** Records follows **

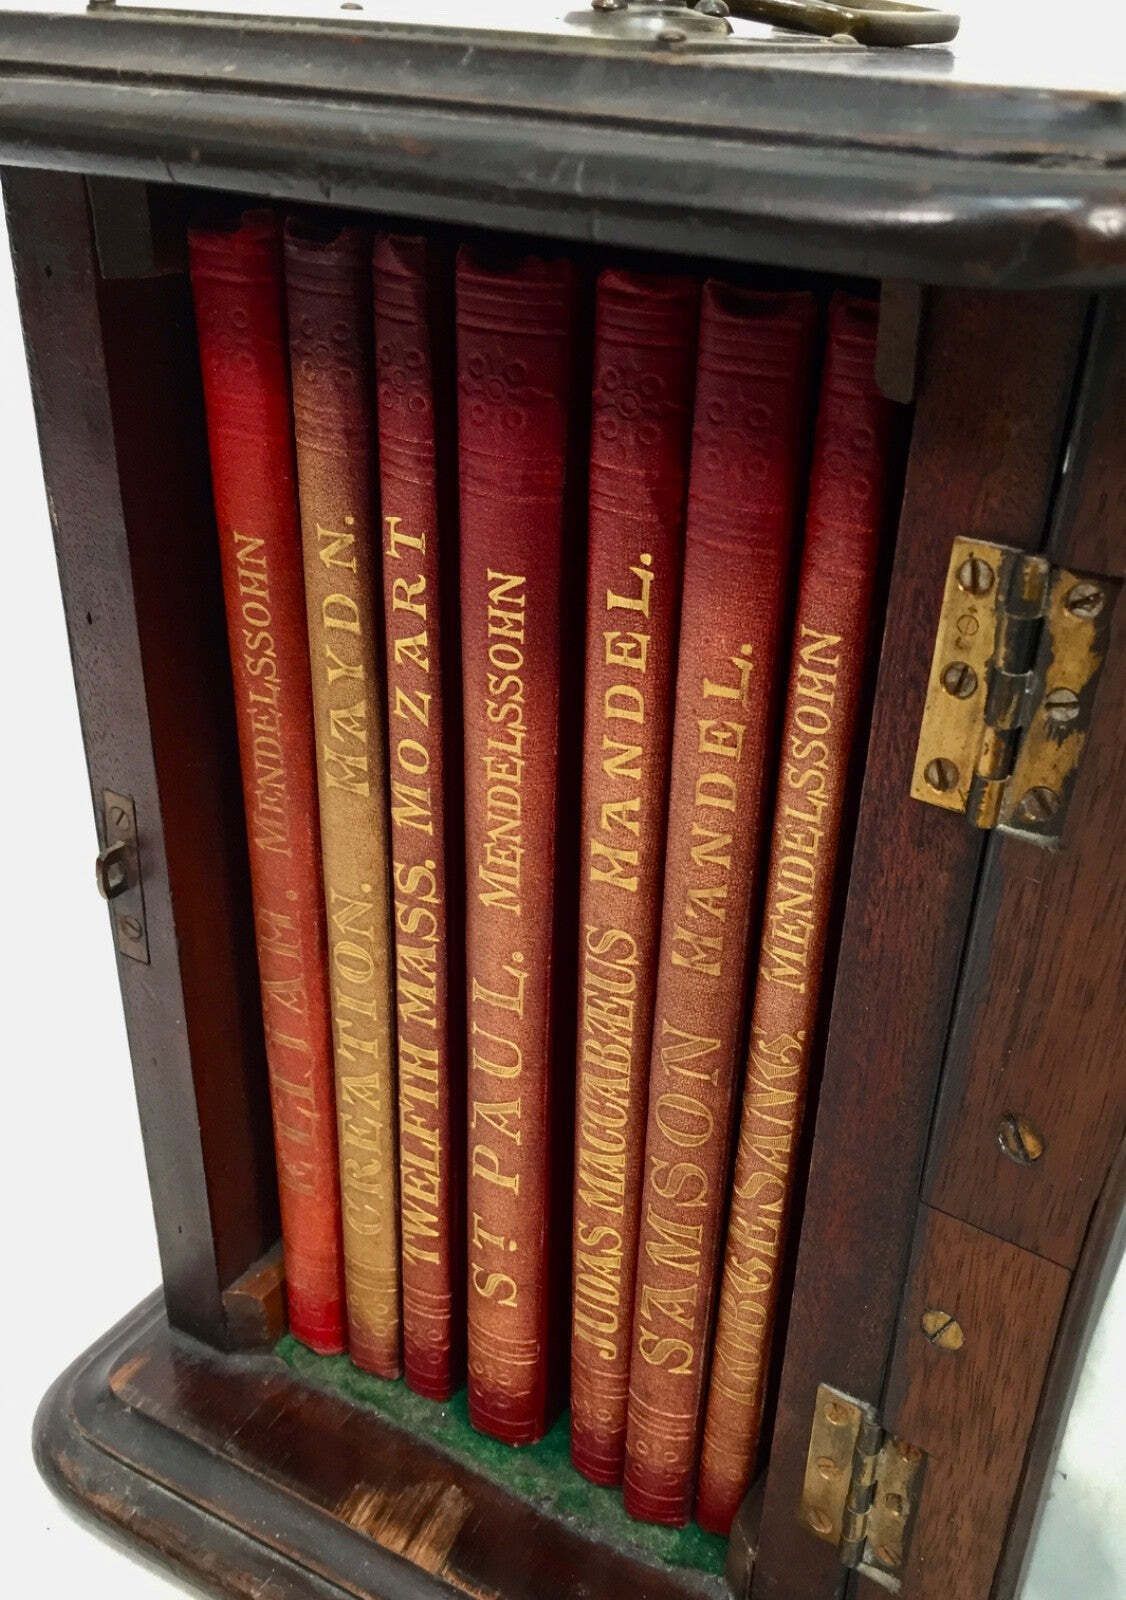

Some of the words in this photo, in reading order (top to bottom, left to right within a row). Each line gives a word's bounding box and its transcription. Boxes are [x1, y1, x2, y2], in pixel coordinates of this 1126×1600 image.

[233, 531, 292, 857] MENDELSSOHN
[316, 515, 370, 798] HAYDN.
[385, 516, 433, 836] MOZART
[479, 568, 527, 914] MENDELSSOHN
[590, 552, 654, 893] HANDEL.
[671, 643, 753, 977] HANDEL.
[761, 623, 842, 993] MENDELSSOHN
[331, 883, 383, 1236] CREATION.
[394, 859, 440, 1028] MASS.
[471, 951, 529, 1195] PAUL.
[399, 1034, 441, 1265] TWELFTH
[574, 1222, 625, 1360] JUDAS
[638, 1019, 721, 1376] SAMSON

** End of Records **

• Your instructions: The answer must be an exact copy of the records, with no images in it.

• Result:
Some of the words in this photo, in reading order (top to bottom, left to right within a row). Each line gives a word's bounding box and its transcription. Boxes are [x1, y1, x2, y2], in pixel coordinates of this 1126×1600 image.

[233, 531, 292, 857] MENDELSSOHN
[316, 515, 370, 798] HAYDN.
[385, 516, 433, 836] MOZART
[479, 568, 527, 914] MENDELSSOHN
[590, 552, 654, 893] HANDEL.
[671, 643, 753, 977] HANDEL.
[761, 623, 842, 993] MENDELSSOHN
[331, 883, 383, 1236] CREATION.
[394, 859, 440, 1028] MASS.
[471, 951, 529, 1195] PAUL.
[399, 1034, 441, 1265] TWELFTH
[574, 1222, 625, 1360] JUDAS
[638, 1019, 721, 1376] SAMSON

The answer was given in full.